La oración, para el predicador, no
es simple deber de su profesión, o un privilegio, sino una
necesidad. El aire nos es más necesario a los pulmones que
la oración al predicador. Es absolutamente indispensable
para el predicador orar. Pero también es de absoluta
necesidad orar por el predicador. Estas dos proposiciones
están ligadas por una unión en la que no puede existir
ningún divorcio. "El predicador debe orar; ha de orarse por
el predicador." Este deberá orar cuanto pueda y procurará
que se ore por él cuanto se pueda para enfrentarse con su
tremenda responsabilidad y obtener en esta gran obra el
éxito más grande y real. El verdadero predicador, además de
que cultiva en sí mismo el espíritu y la práctica de la
oración en su forma más intensa, ambiciona con anhelo las
oraciones del pueblo de Dios.
Cuanto más santo es un hombre tanto
más estima la oración; distingue con más claridad que Dios
desciende hasta los que oran y que la medida de la
revelación de Dios al alma es la medida del deseo del alma
de elevar su oración importuna a Dios. La salvación nunca
encuentra su camino en un corazón sin oración. El Espíritu
Santo no habita en un espíritu sin oración. La predicación
nunca edifica a un alma que no ora. Cristo desconoce a los
cristianos que no oran. El evangelio no puede ser proyectado
por un predicador sin oración. Las cualidades, los talentos,
la educación, la elocuencia, el llamamiento de Dios, no
pueden disminuir la demanda de oración, sino sólo
intensificar la necesidad de que el predicador ore. Cuanto
más consciente sea el predicador de la naturaleza,
responsabilidades y dificultades de su trabajo tanto más
verá, y, si es un verdadero predicador, tanto más sentirá la
necesidad de orar; no sólo la exigencia creciente de oración
personal, sino de que otros le ayuden con sus oraciones.

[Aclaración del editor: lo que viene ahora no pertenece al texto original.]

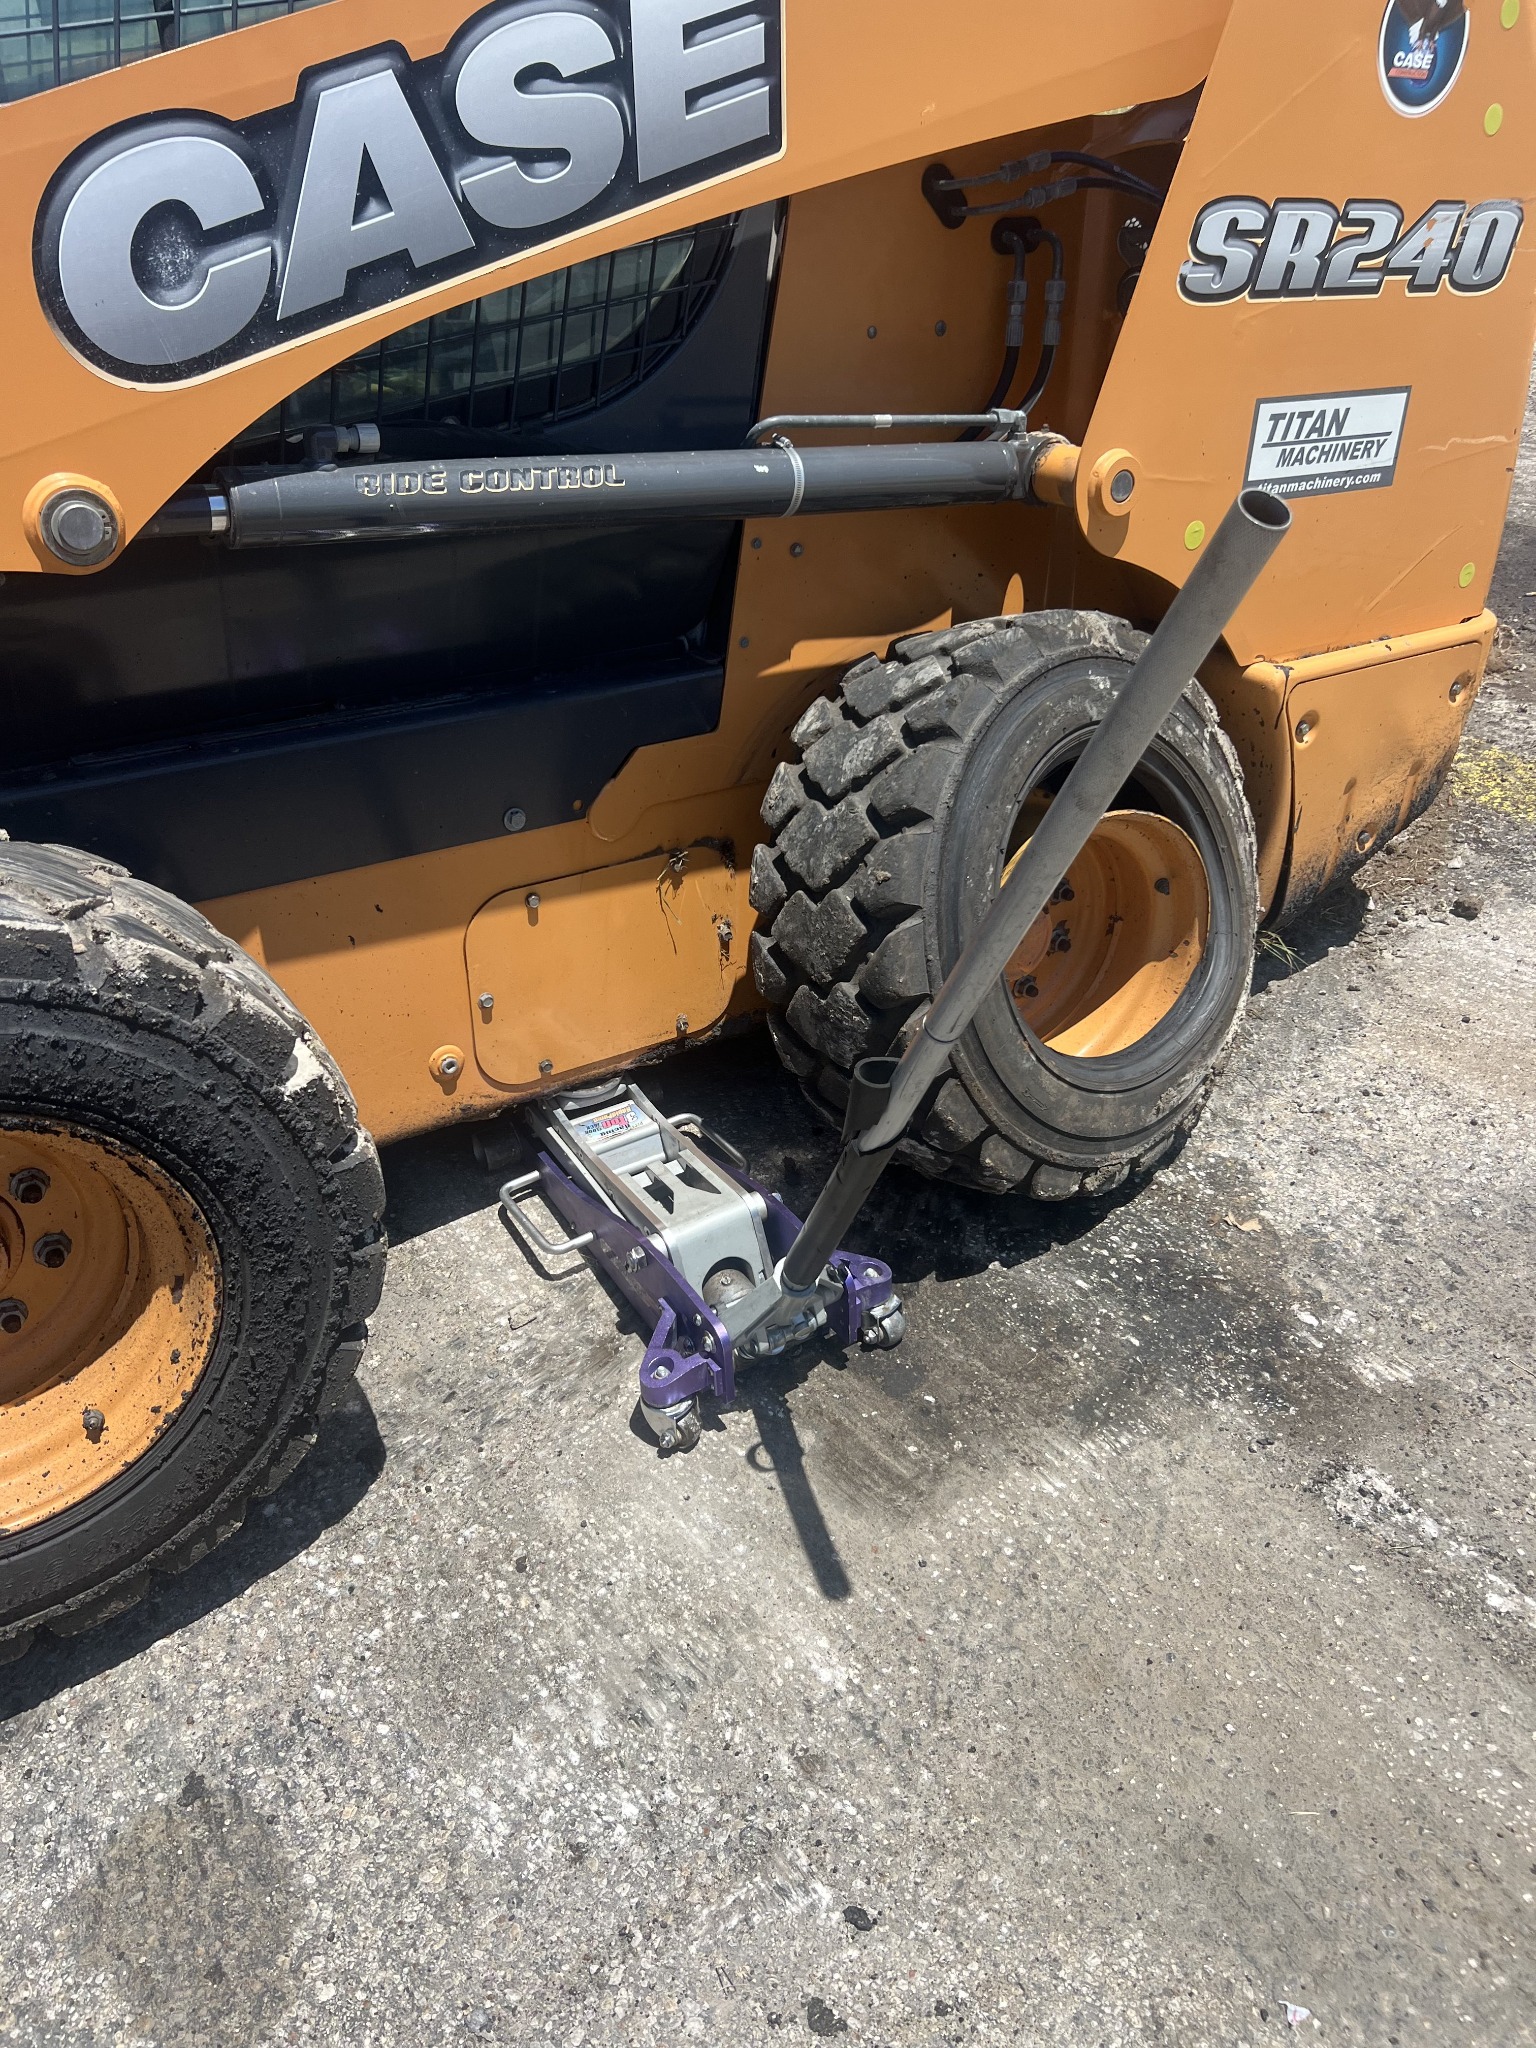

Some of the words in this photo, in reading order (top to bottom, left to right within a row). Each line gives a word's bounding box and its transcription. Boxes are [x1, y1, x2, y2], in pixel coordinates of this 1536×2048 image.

Pablo es una ilustración de lo que
acabamos de expresar. Si alguien pudo difundir el evangelio
por la eficacia del poder personal, por la fuerza
intelectual, por la cultura, por la gracia que le había sido
conferida, por la comisión apostólica de Dios, por su
extraordinario llamamiento, ese hombre fue Pablo. En él
tenemos un ejemplo eminente de que el verdadero predicador
apostólico ha de ser un hombre dado a la oración y ha de
contar con las oraciones de personas piadosas que den a su
ministerio un complemento de intercesión. Pide y anhela con
súplicas apasionadas la ayuda de todos los santos de Dios.
Sabía que en el reino espiritual como en cualquiera de otra
naturaleza, la unión hace la fuerza; que la concentración y
reunión de fe, deseo y oración aumentan el volumen de fuerza
espiritual hasta hacerla preponderante e irresistible en su
poder. Las unidades combinadas en la oración, como las gotas
de agua, constituyen un océano que desafía toda resistencia.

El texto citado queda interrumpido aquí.